___ EXERCISE MATERIALS ___

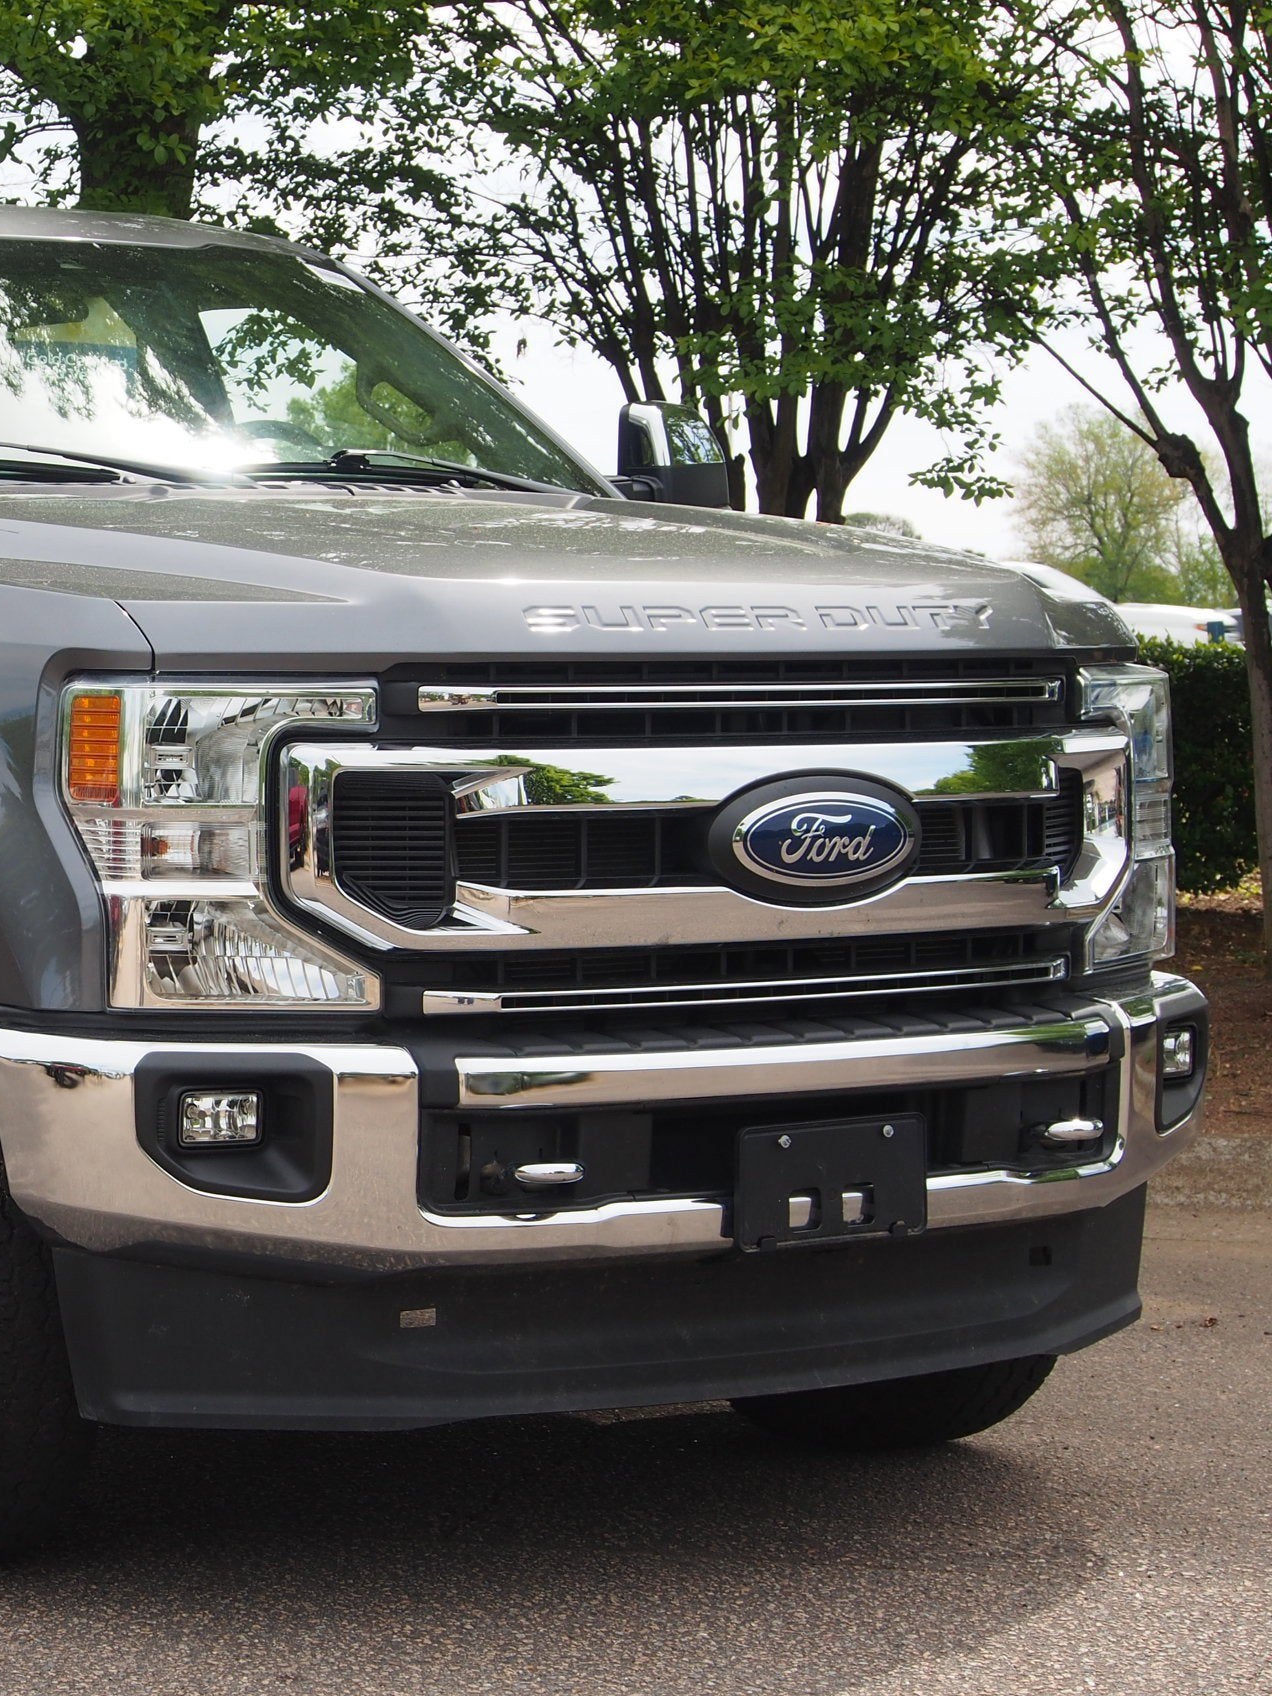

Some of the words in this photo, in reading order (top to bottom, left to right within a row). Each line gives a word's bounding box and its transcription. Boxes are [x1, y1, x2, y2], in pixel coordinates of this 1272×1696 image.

[522, 604, 807, 632] SUPER
[814, 604, 994, 631] DUTY
[780, 812, 876, 865] Ford
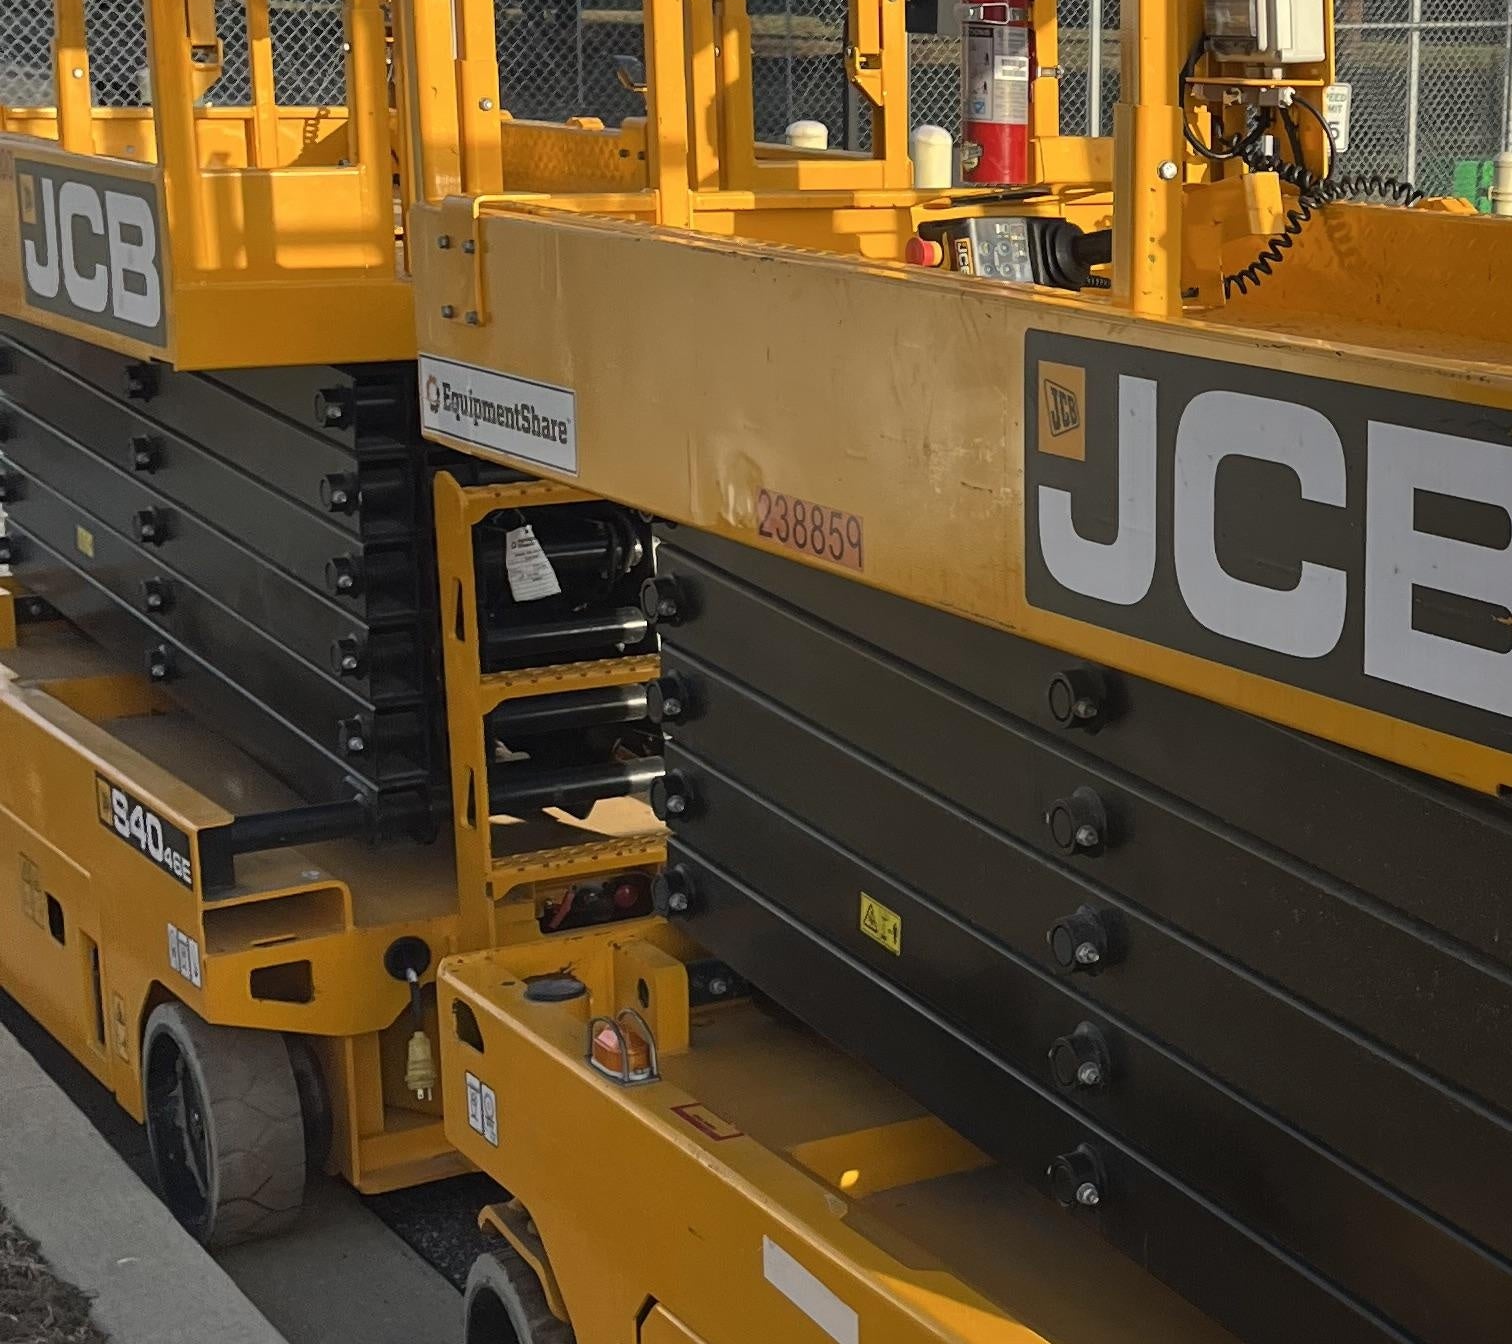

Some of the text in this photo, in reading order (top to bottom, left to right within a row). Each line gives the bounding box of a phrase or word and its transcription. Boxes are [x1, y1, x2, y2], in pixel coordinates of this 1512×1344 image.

[24, 177, 161, 328] JCB
[442, 382, 568, 445] EquipmentShare
[1050, 385, 1078, 431] JCB
[759, 489, 862, 568] 238859

___

§ **WHAT IS REQUIRED**
Omitting the pictures, copy each record above exactly as it stands.

§ **TASK RESPONSE**
Some of the words in this photo, in reading order (top to bottom, left to right within a row). Each line gives a word's bounding box and its transcription. Boxes are [x1, y1, x2, y2], in pixel coordinates of this 1272×1696 image.

[522, 604, 807, 632] SUPER
[814, 604, 994, 631] DUTY
[780, 812, 876, 865] Ford

Some of the text in this photo, in reading order (top to bottom, left to right within a row). Each line gives the bounding box of a phrase or word and its transcription. Boxes are [x1, y1, x2, y2], in pixel coordinates of this 1512×1344 image.

[24, 177, 161, 328] JCB
[442, 382, 568, 445] EquipmentShare
[1050, 385, 1078, 431] JCB
[759, 489, 862, 568] 238859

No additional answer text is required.